We definitely need to bring some technical robustness to have laws that can be enforceable and are clear. For example, if we say AI safety or accountable AI, what does it really mean? My personal thought is that the right set of guardrails and safeguards for AI will take a hybrid of horizontal and vertical approach that brings some sort of interoperability and uniformity for understanding, managing, and measuring risk across the different domains. [Editor’s note: Horizontal regulation applies to all applications and sectors of AI and is typically led by the government, whereas vertical regulation applies only to a specific application or sector of AI]. But there are certain differences or needs for each of the use cases, so that’s why a vertical or use-case-specific measurement-standards policy would help; I think that would be a more flexible approach that allows for innovation to happen.
My hope is that AI and all of these advances can really solve some of the biggest challenges of our time—from medicine to climate. I always say to my friends and colleagues that taking care of elderly parents is as satisfying as seeing our children grow up. I lost my parents to a rare disease, my father to cancer, but we can have solutions for that.
I know we’ve talked a lot about RMF, but what else are you working on now that the framework is out? Is there anything new coming from your office?
One of the things that we’re spending a lot of our time on and we are very excited about is evaluations of AI systems. We’re building an evaluation program on understanding AI risks and impacts, both looking at technical robustness, but also society and robustness and what it will look like. On the operationalization of AI RMF, we’re helping organizations and entities build profiles and actually start using risk management in different domains.

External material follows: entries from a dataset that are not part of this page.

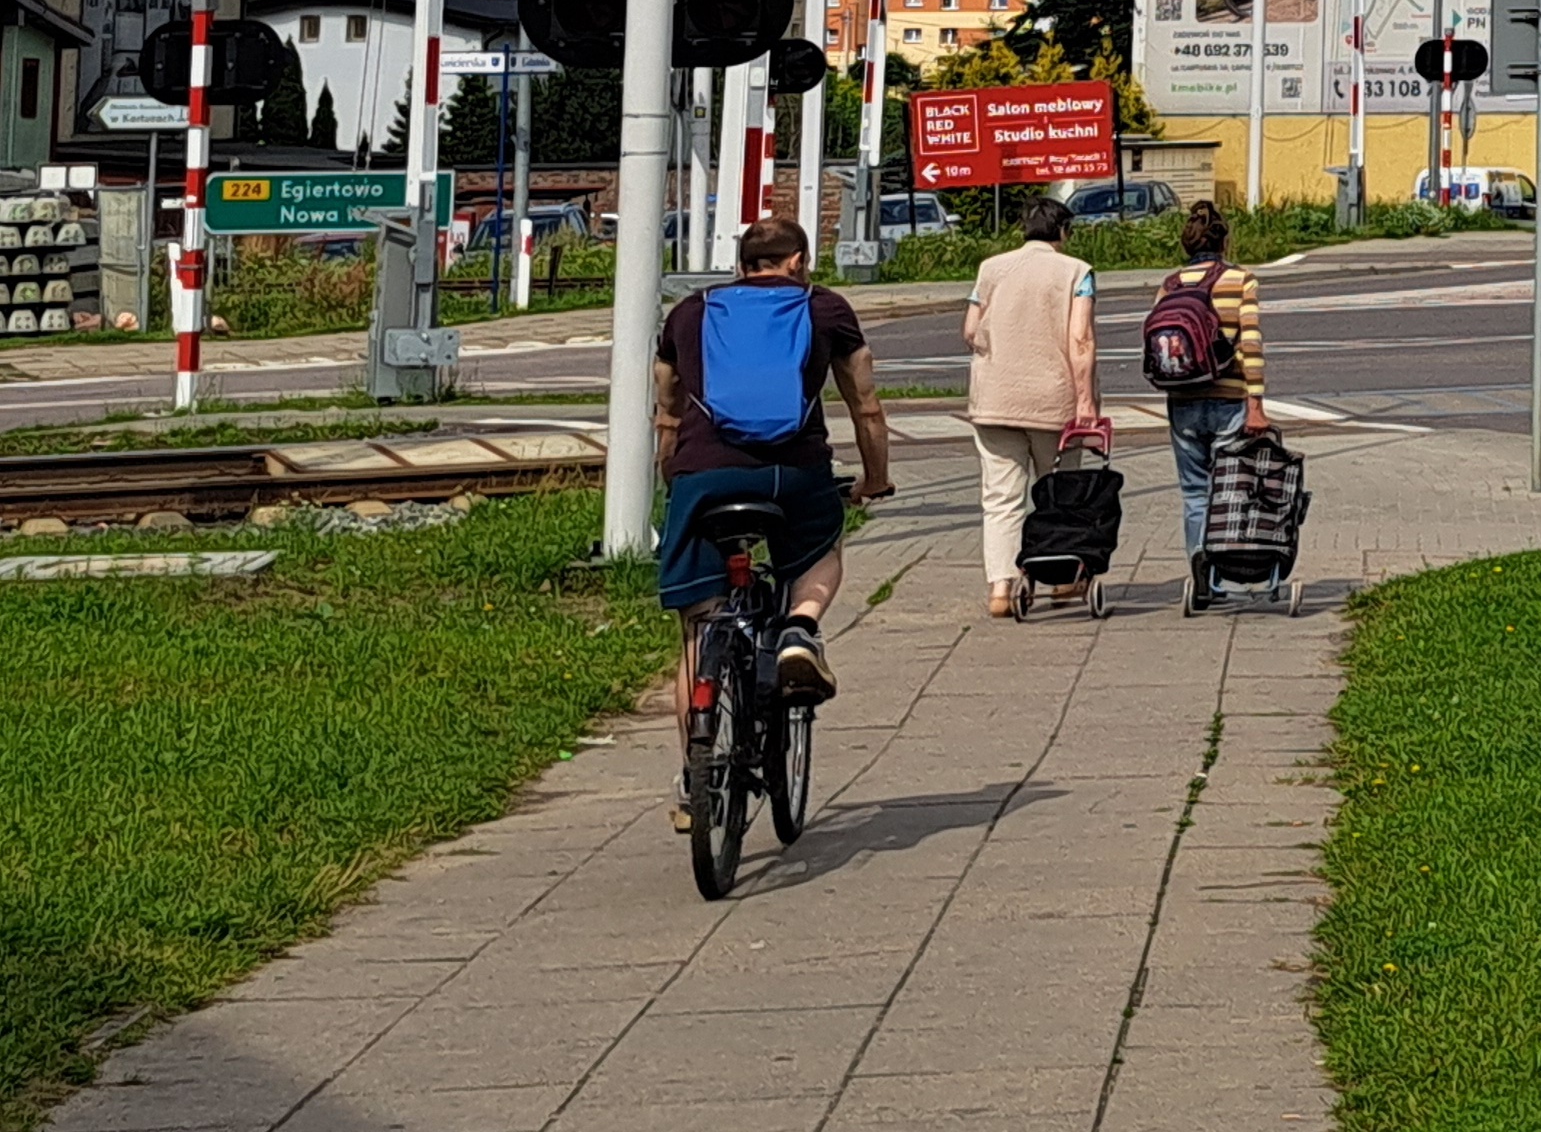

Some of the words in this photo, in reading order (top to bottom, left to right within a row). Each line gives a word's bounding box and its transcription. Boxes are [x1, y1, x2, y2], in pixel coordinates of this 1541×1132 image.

[1204, 43, 1230, 57] 692
[1171, 82, 1237, 95] kmebike.pl
[925, 104, 970, 118] BLACK
[987, 101, 1030, 117] Salon
[1034, 97, 1103, 115] meblowy
[926, 119, 954, 132] RED
[926, 132, 973, 145] WHITE
[994, 127, 1044, 143] Studio
[1049, 124, 1099, 140] kuchni
[231, 183, 262, 197] 224
[281, 180, 384, 203] Egiertowo
[280, 205, 338, 224] Nowa

Another initiative that we launched in June was developing a cross-sector profile of AI RMF for managing the risk of generative AI systems. AI RMF came out in January, and then ChatGPT 3.5 in November and ChatGPT 4 in February. The first question that we got is whether the AI RMF is applicable to ChatGPT and generative AI—and the answer is yes. So we launched a generative AI public working group to develop specific guidance for managing the risk of generative AI systems. What we’re tackling now is guidance on how to basically do the verification and validation of the model prerelease. So a lot of talking about red-teaming, trying to bring some scientific and technical rigor and vigor to that. [Red-teaming is a process of testing AI to find the inaccuracies and biases within it].

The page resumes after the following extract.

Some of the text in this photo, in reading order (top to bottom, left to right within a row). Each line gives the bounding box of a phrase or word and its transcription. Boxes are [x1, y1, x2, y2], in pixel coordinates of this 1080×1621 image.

Another area is guidance for digital content provenance. So when you see a piece of content, image, text, how do you know if it’s generated by AI or not? Two other activities within the generative AI public working group is the governance—we believe that governance is really, really important. Every risk management starts with governance and ends with governance. And then incident disclosure—having a set of inventory of the incidents and vulnerabilities that can help with expanding the knowledge of AI, vulnerabilities and incidents for the research and developer community.
Science and technology, including AI, is traditionally dominated by men. I’m curious what you’d say to young people and women in particular who want to go into this type of work like you?
My whole schooling—college, graduate school—I was one of the few girls in the class. What do I tell them? I tell them that the sky is not even the limit. It’s just the starting point. So dream big, go for what you want. I grew up in Iran, as I told you, a very strange time and strange place to grow up and be a girl interested in math and science. My father always told us that as long as you work the hardest and maintain your integrity, nothing is impossible.